____ Supplied records

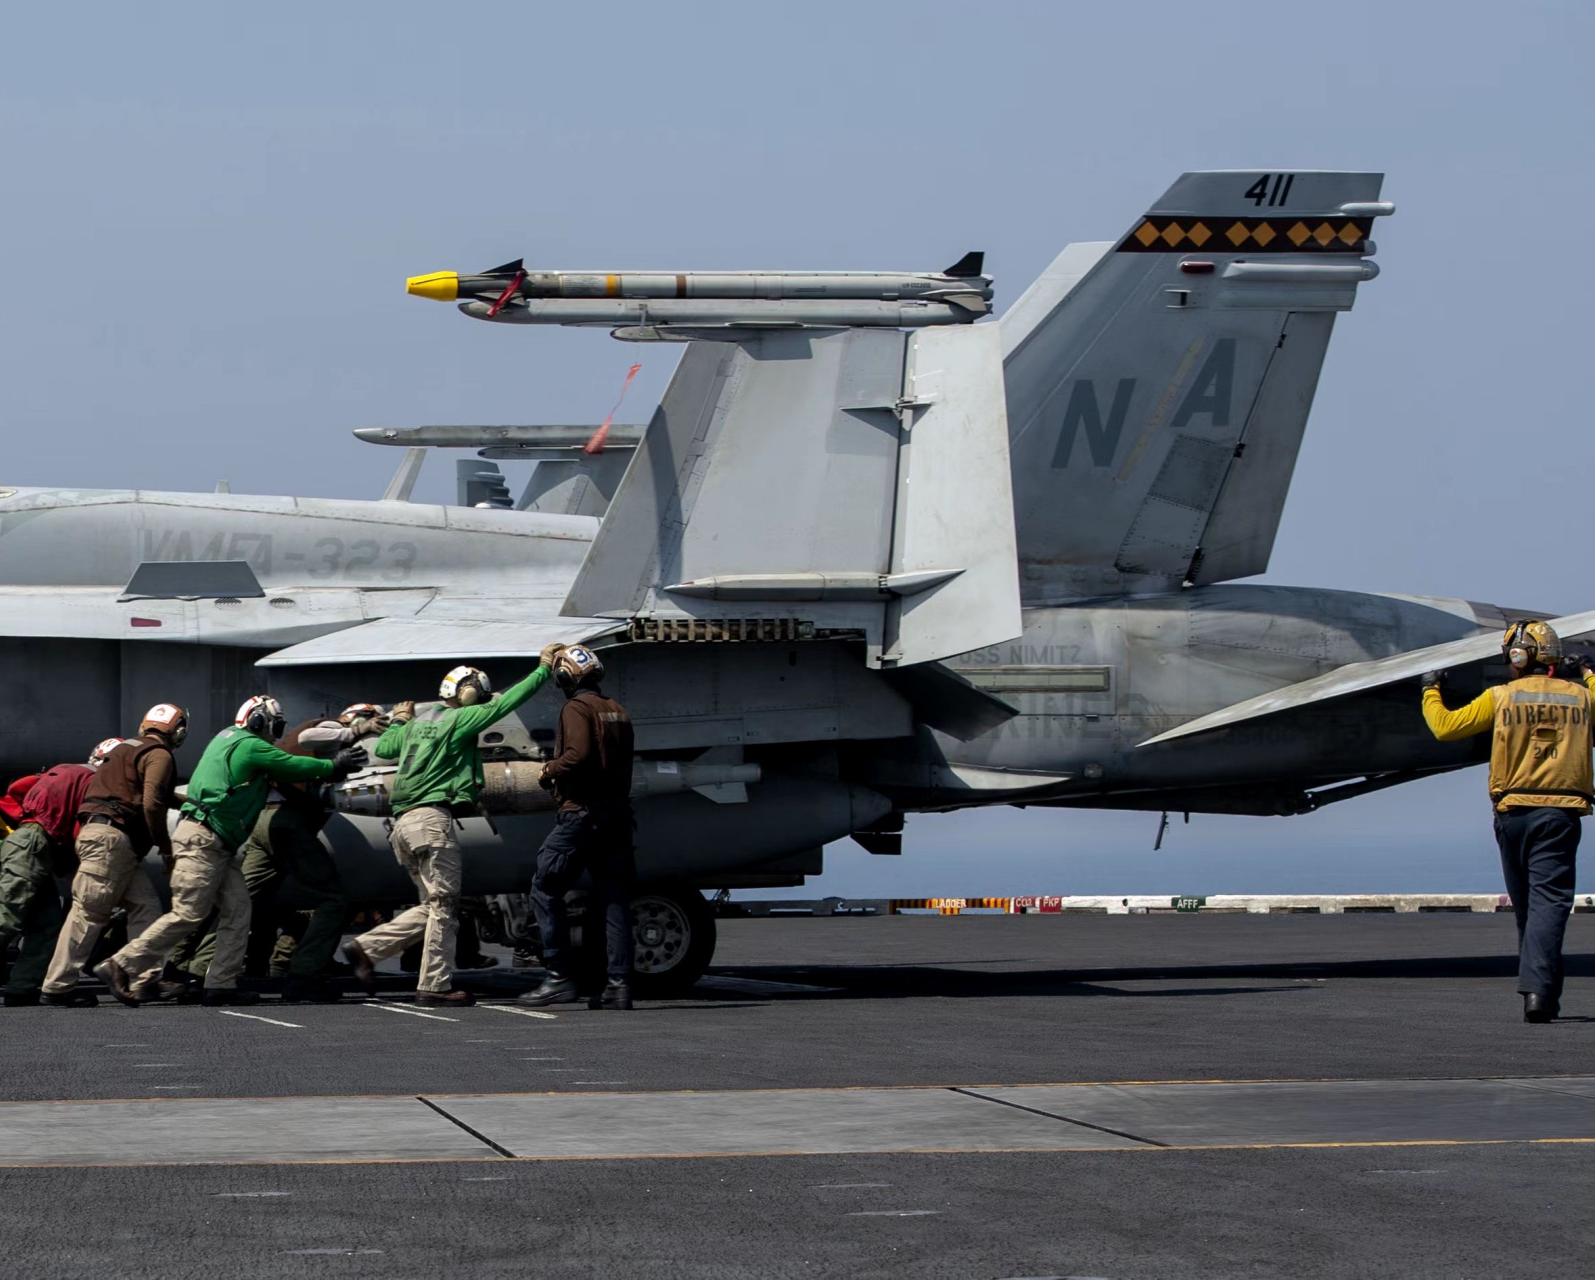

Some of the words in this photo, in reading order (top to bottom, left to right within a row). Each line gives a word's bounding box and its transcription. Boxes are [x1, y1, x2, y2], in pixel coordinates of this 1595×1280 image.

[1244, 174, 1294, 206] 411
[1169, 338, 1236, 427] A
[1052, 378, 1137, 468] N
[1010, 644, 1082, 665] NIMITZ
[936, 898, 966, 908] LADDER
[1043, 897, 1059, 907] PKP
[1177, 899, 1198, 909] AFFF
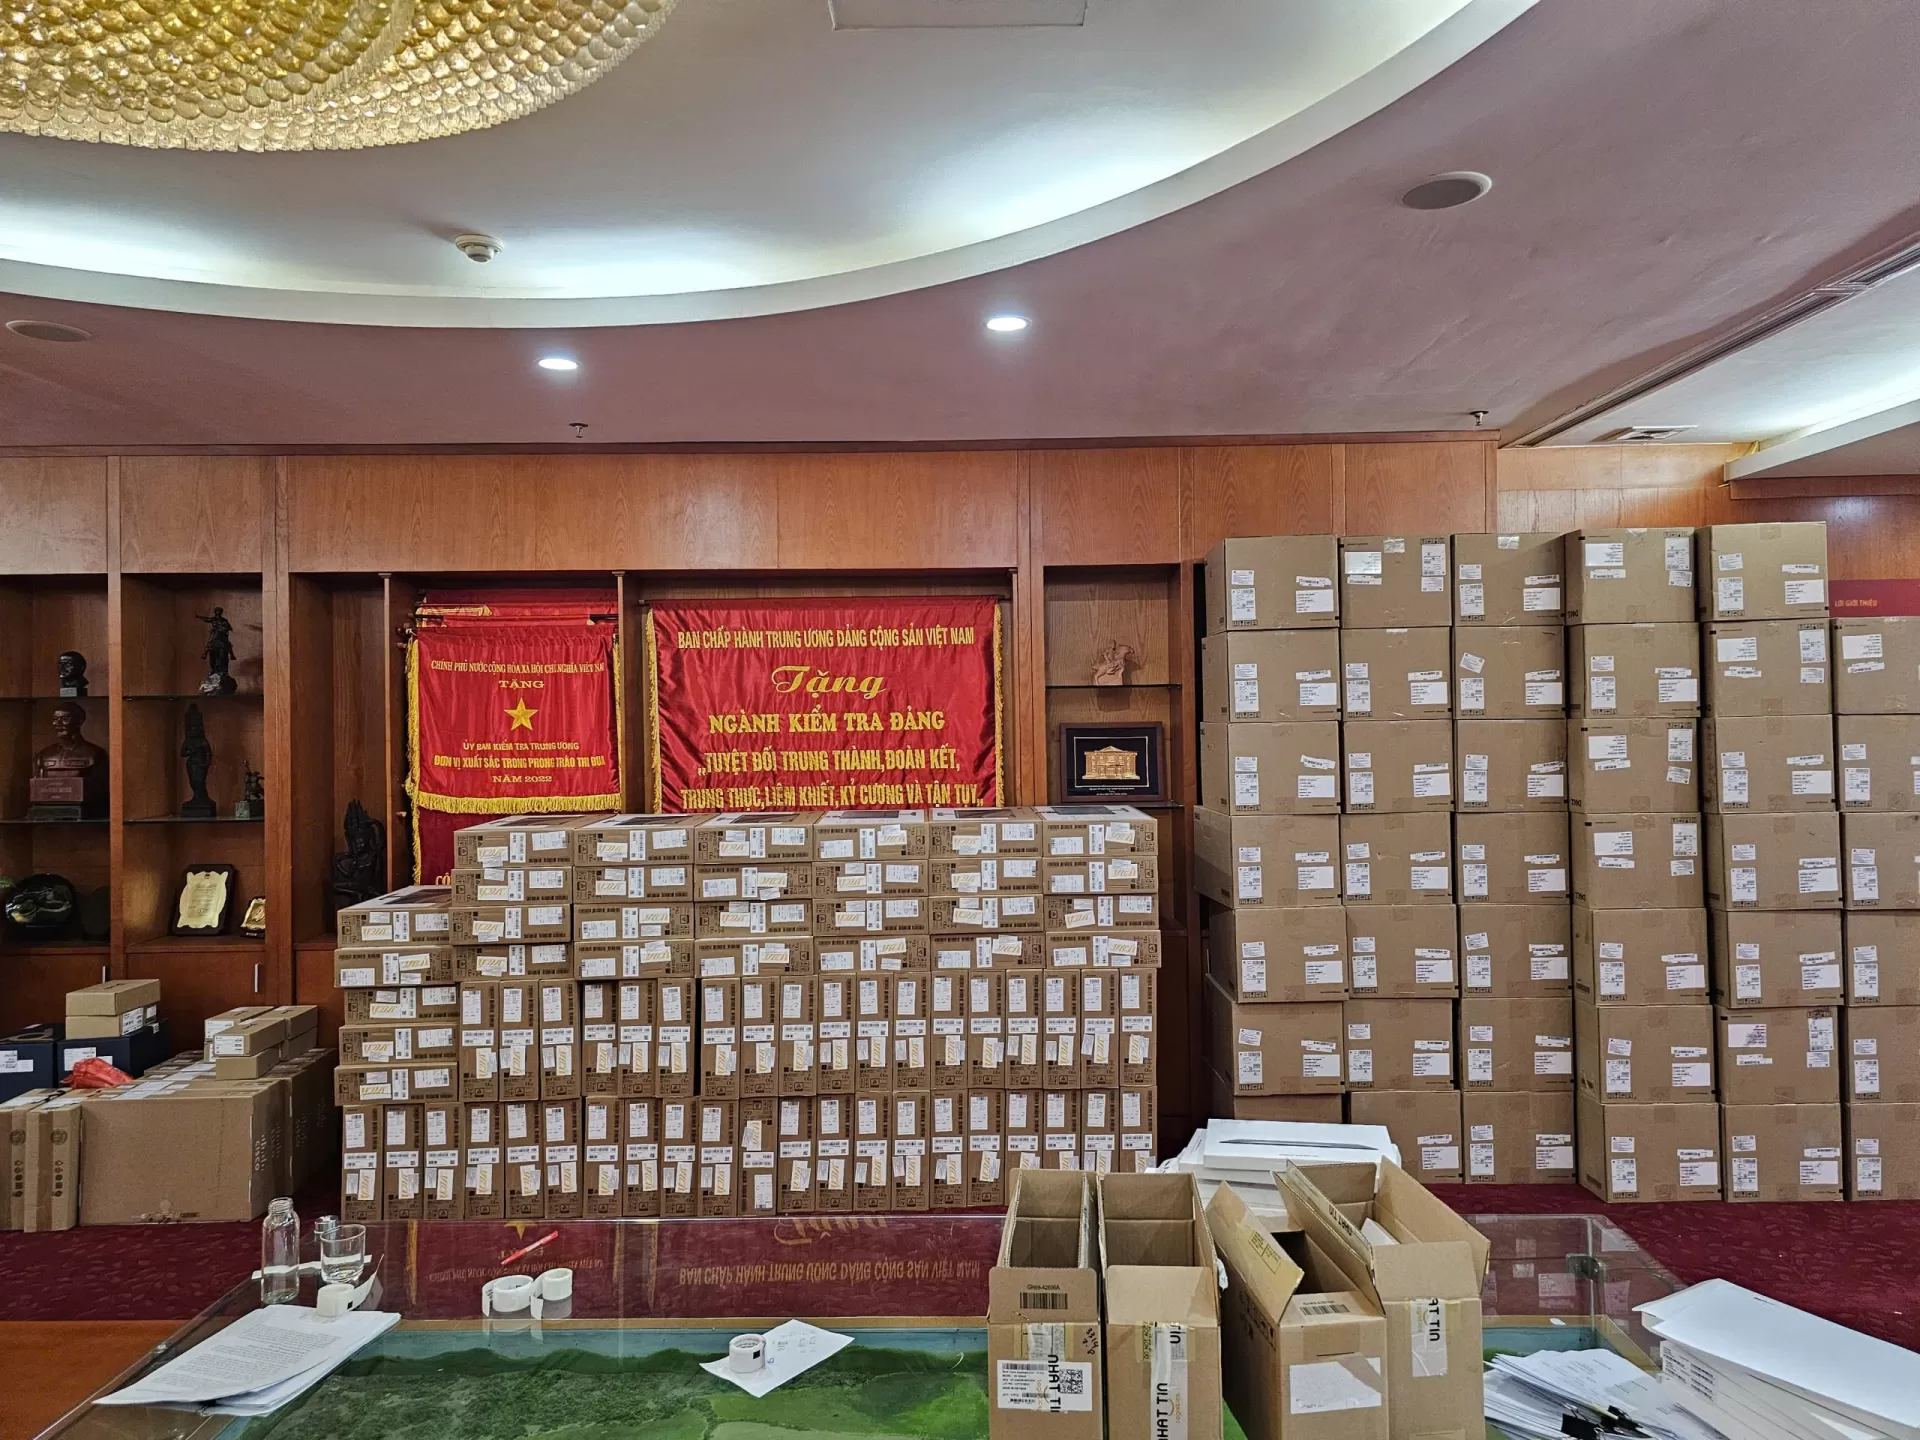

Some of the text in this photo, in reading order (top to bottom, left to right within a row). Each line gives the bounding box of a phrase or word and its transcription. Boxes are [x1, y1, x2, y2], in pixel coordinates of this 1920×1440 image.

[678, 622, 974, 651] BAN CHẤP HÀNH TRUNG ƯƠNG ĐẢNG CỘNG SẢN VIỆT NAM
[431, 659, 453, 671] CHÍNH
[454, 659, 468, 672] PHỦ
[469, 661, 487, 672] NƯỚC
[488, 661, 506, 676] CỘNG
[531, 662, 543, 676] HỘI
[557, 662, 578, 673] NGHĨA
[499, 678, 545, 690] TẶNG
[771, 665, 886, 700] Tặng
[709, 704, 945, 734] NGÀNH KIỂM TRA ĐẢNG
[463, 739, 474, 750] ỦY
[493, 739, 513, 750] KIỂM
[530, 742, 556, 750] TRUNG
[752, 745, 777, 772] ĐỐI
[780, 751, 829, 771] TRUNG
[930, 743, 960, 771] KẾT,
[434, 754, 606, 770] ĐƠN VỊ XUẤT SẮC TRONG PHONG TRÀO THI ĐUA
[492, 774, 522, 783] NĂM
[680, 788, 724, 809] TRUNG
[860, 783, 902, 805] CƯƠNG
[906, 780, 923, 804] VÀ
[926, 781, 950, 807] TẬN
[1157, 1409, 1168, 1440] HAT
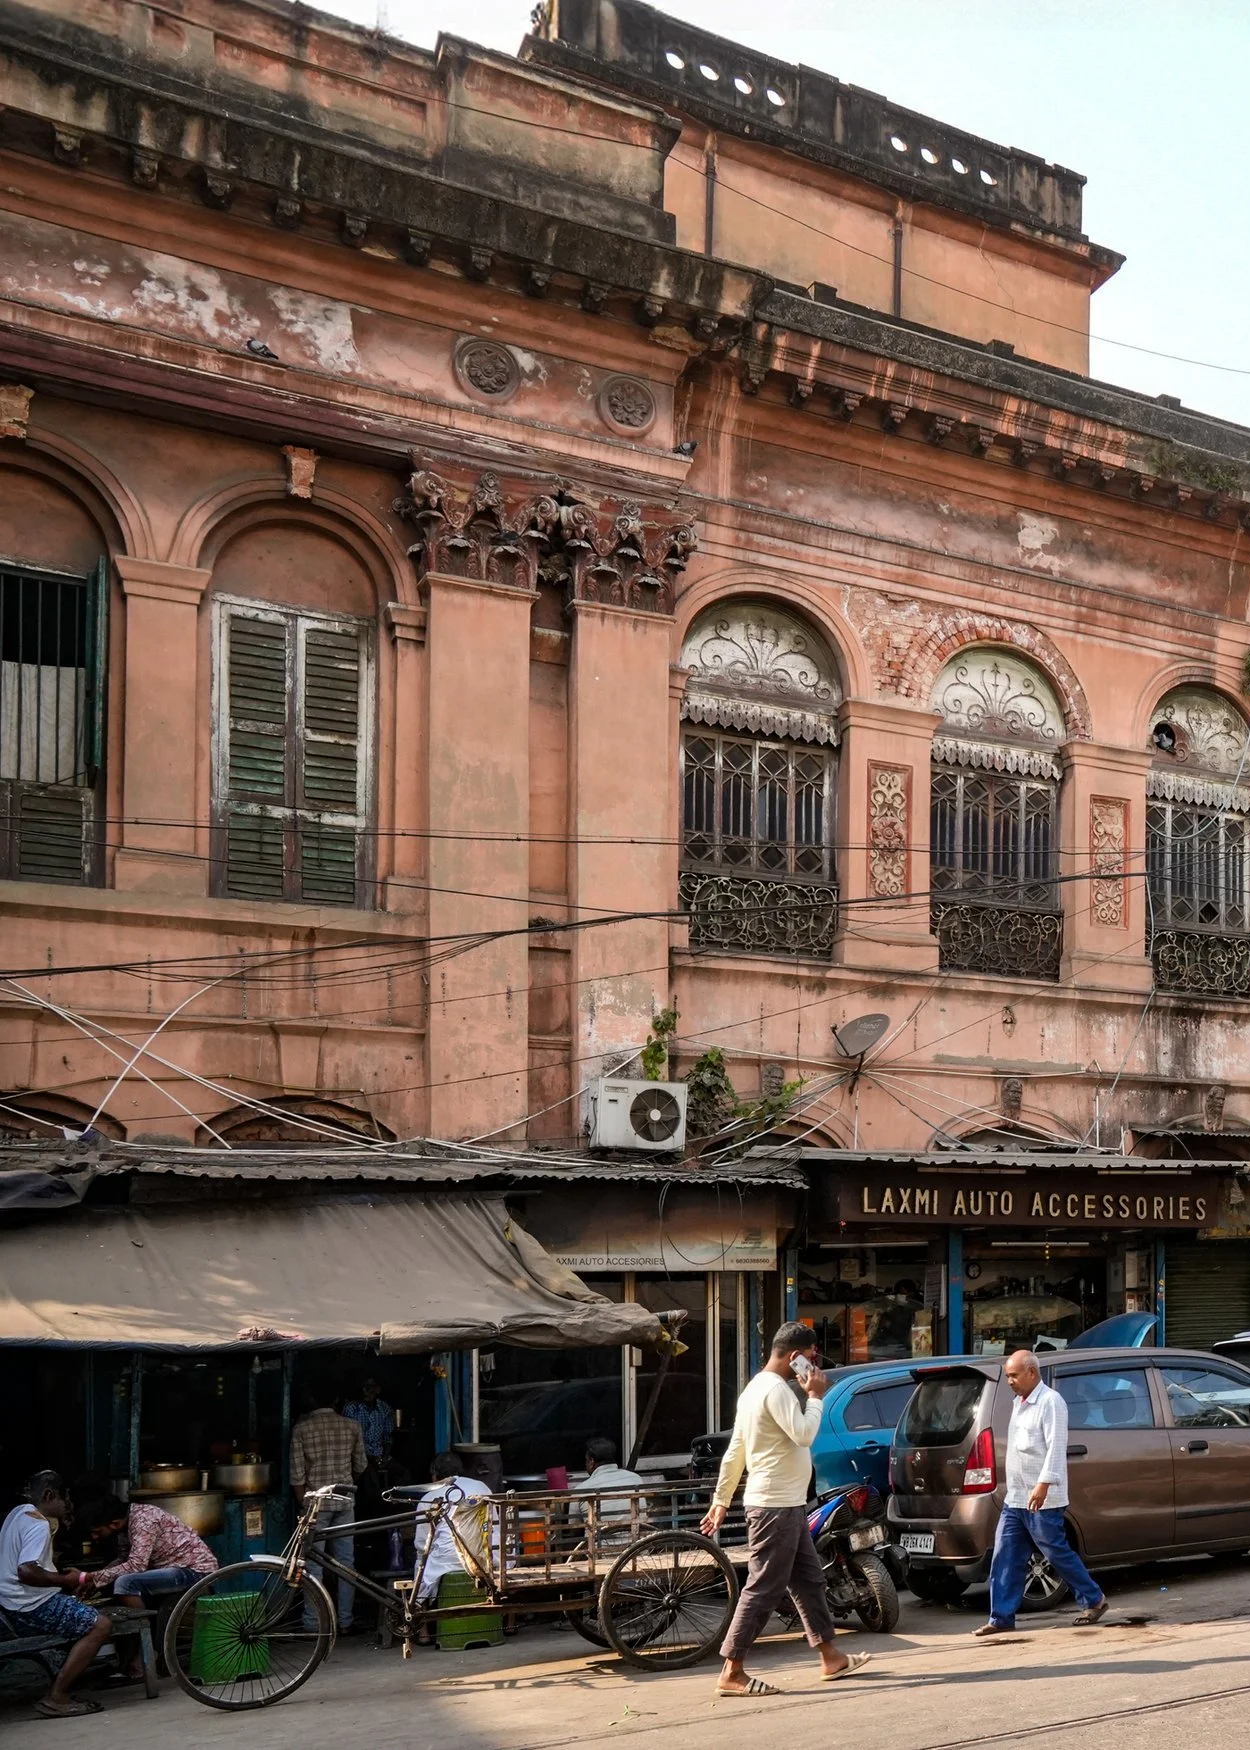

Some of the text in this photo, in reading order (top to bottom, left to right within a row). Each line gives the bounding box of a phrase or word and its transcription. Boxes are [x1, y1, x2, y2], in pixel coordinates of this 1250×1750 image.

[863, 1187, 1206, 1220] LAXMI AUTO ACCESSORIES
[556, 1257, 578, 1266] AXMI
[579, 1257, 605, 1266] AUTO

________

[Action item]: The answer should be the records above, unchanged, with the pictures omitted.

[Solution for this task]:
Some of the words in this photo, in reading order (top to bottom, left to right within a row). Each line gives a word's bounding box and its transcription. Boxes are [x1, y1, x2, y2], in pixel coordinates of this 1595×1280 image.

[1244, 174, 1294, 206] 411
[1169, 338, 1236, 427] A
[1052, 378, 1137, 468] N
[1010, 644, 1082, 665] NIMITZ
[936, 898, 966, 908] LADDER
[1043, 897, 1059, 907] PKP
[1177, 899, 1198, 909] AFFF

Some of the text in this photo, in reading order (top to bottom, left to right within a row). Each line gives the bounding box of a phrase or word and its transcription. Boxes are [x1, y1, x2, y2], in pixel coordinates of this 1920×1440 image.

[678, 622, 974, 651] BAN CHẤP HÀNH TRUNG ƯƠNG ĐẢNG CỘNG SẢN VIỆT NAM
[431, 659, 453, 671] CHÍNH
[454, 659, 468, 672] PHỦ
[469, 661, 487, 672] NƯỚC
[488, 661, 506, 676] CỘNG
[531, 662, 543, 676] HỘI
[557, 662, 578, 673] NGHĨA
[499, 678, 545, 690] TẶNG
[771, 665, 886, 700] Tặng
[709, 704, 945, 734] NGÀNH KIỂM TRA ĐẢNG
[463, 739, 474, 750] ỦY
[493, 739, 513, 750] KIỂM
[530, 742, 556, 750] TRUNG
[752, 745, 777, 772] ĐỐI
[780, 751, 829, 771] TRUNG
[930, 743, 960, 771] KẾT,
[434, 754, 606, 770] ĐƠN VỊ XUẤT SẮC TRONG PHONG TRÀO THI ĐUA
[492, 774, 522, 783] NĂM
[680, 788, 724, 809] TRUNG
[860, 783, 902, 805] CƯƠNG
[906, 780, 923, 804] VÀ
[926, 781, 950, 807] TẬN
[1157, 1409, 1168, 1440] HAT

Some of the text in this photo, in reading order (top to bottom, left to right within a row). Each line gives the bounding box of a phrase or word and its transcription. Boxes are [x1, y1, x2, y2], in pixel coordinates of this 1250×1750 image.

[863, 1187, 1206, 1220] LAXMI AUTO ACCESSORIES
[556, 1257, 578, 1266] AXMI
[579, 1257, 605, 1266] AUTO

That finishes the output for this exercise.